The film was partly shot at the Althoff Studios in Potsdam. The art directors Willy Schiller and Arthur Schwarz worked on the film's sets.

==Plot==
The film opens to scenes of Berlin during World War II, with the ongoing war depicted by bombs and explosions, both onscreen and in the background soundtrack. The film then jumps back twenty years in time, and, through a series of vignettes about worker Hans Behnke, traces the way in which a typical worker who opposes Nazi Party ideology could be drawn into complying and cooperating with the Nazi regime. Significant vignettes include depictions of the high unemployment in 1920s Germany and later, the threat to Hans's job due to his failure to belong to the Nazi party. It is implied that Hans's complicity with the Nazi regime rises out of a desire to be able to provide for his family and not return to the ranks of the Arbeitslos (unemployed).

Hans ultimately does join the Nazi party, but still shows signs of disagreement with their ideology. He eventually aids a resistance group in printing anti-war propaganda, and is finally turned in to the authorities by his son Helmut. Hans is then put in jail, and the timeline returns to that given at the very beginning of the film. Hans is eventually freed from jail, but his wife, Charlotte, has been killed in the war.

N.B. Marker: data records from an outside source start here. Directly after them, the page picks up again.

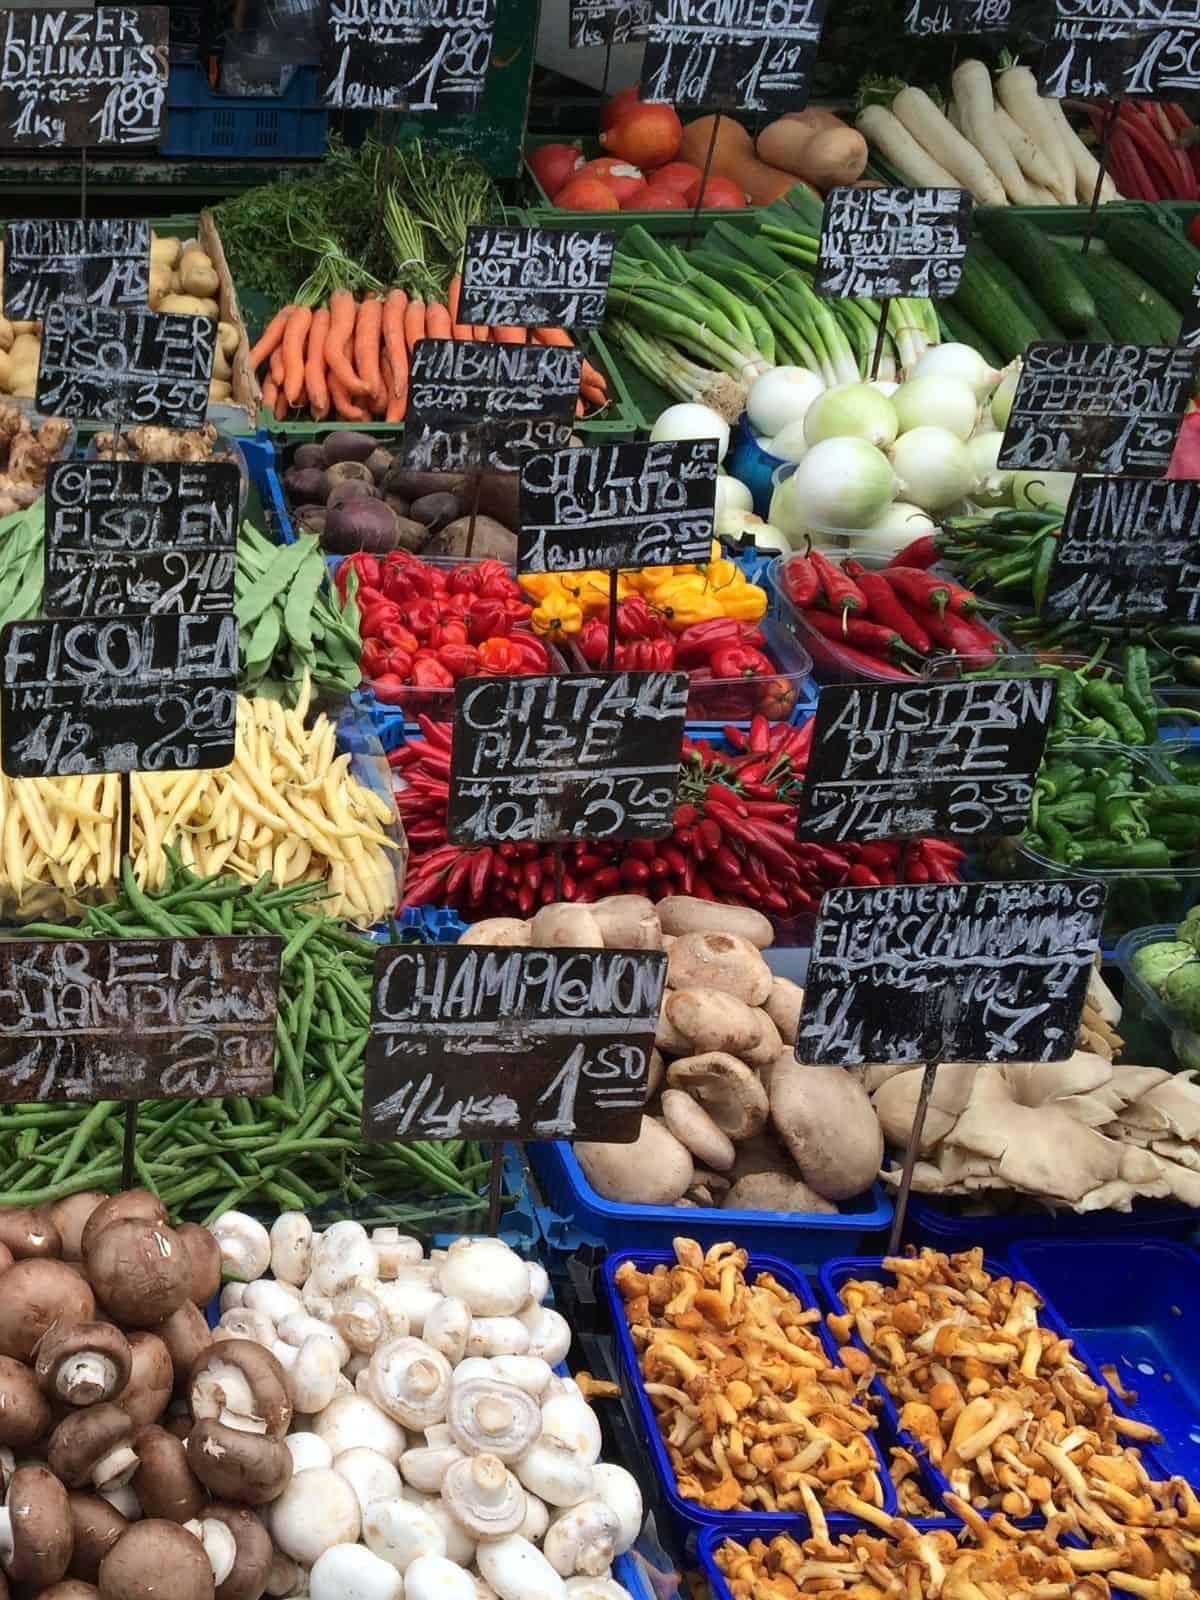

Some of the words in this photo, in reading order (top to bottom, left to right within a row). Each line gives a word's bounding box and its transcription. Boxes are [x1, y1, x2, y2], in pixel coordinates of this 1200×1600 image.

[5, 7, 143, 46] LINZER
[1, 44, 169, 82] DELIKATESS
[1027, 344, 1196, 378] SCHARFE
[51, 462, 206, 506] GELBE
[49, 501, 236, 546] FISOLEN
[3, 615, 238, 684] FISOLEN
[821, 679, 1052, 744] AUSTERN
[841, 725, 1010, 778] PILZE
[377, 951, 669, 1021] CHAMPIGNON
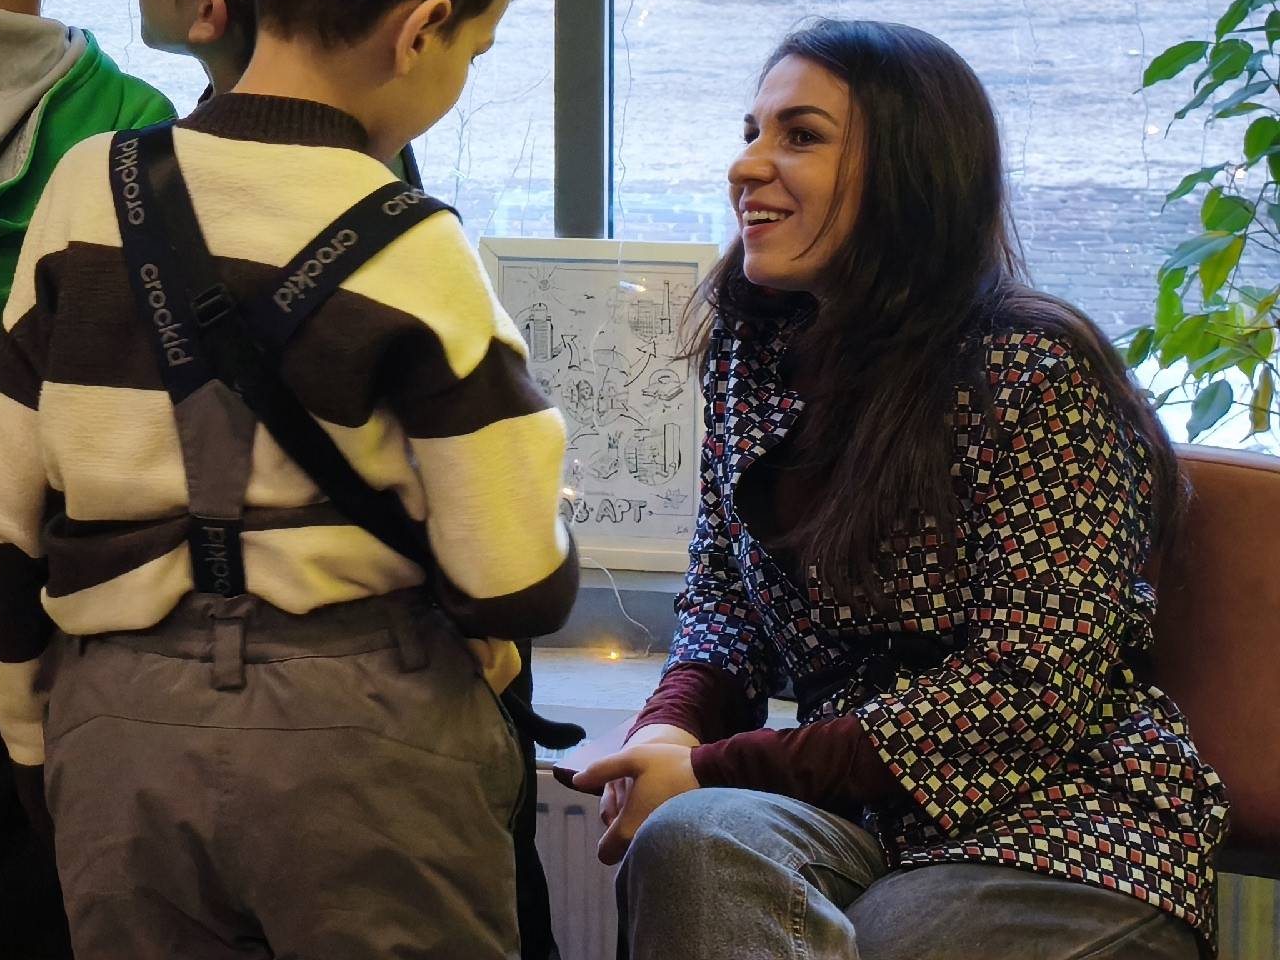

The end of the film depicts Hans's reconciliation with his son Helmut, and Helmut's beginning of a new life with his girlfriend. The ending scenes of the film echo those of the beginning in which Hans and Charlotte start their life, but with dialog and visual symbolism suggesting that Helmut will not repeat his father's mistakes and his father's complicity.

==Critical reception==
Critics noted that Hans Behnke's character represented the typical German worker, and that his reasons for cooperating with the Nazi regime resonated with viewers who had lived through the war. Viewers in 1949 saw themselves in Behnke. As one critic wrote, "dieser Film zeigt, wie es wirklich war" (this film shows how it really was).

Staudte explicitly stated that the intended message of the film was against war: in his words, his goal was to "show how it could come to such an unimaginable catastrophe, in order to help ensure that it will not come to a greater catastrophe in the future."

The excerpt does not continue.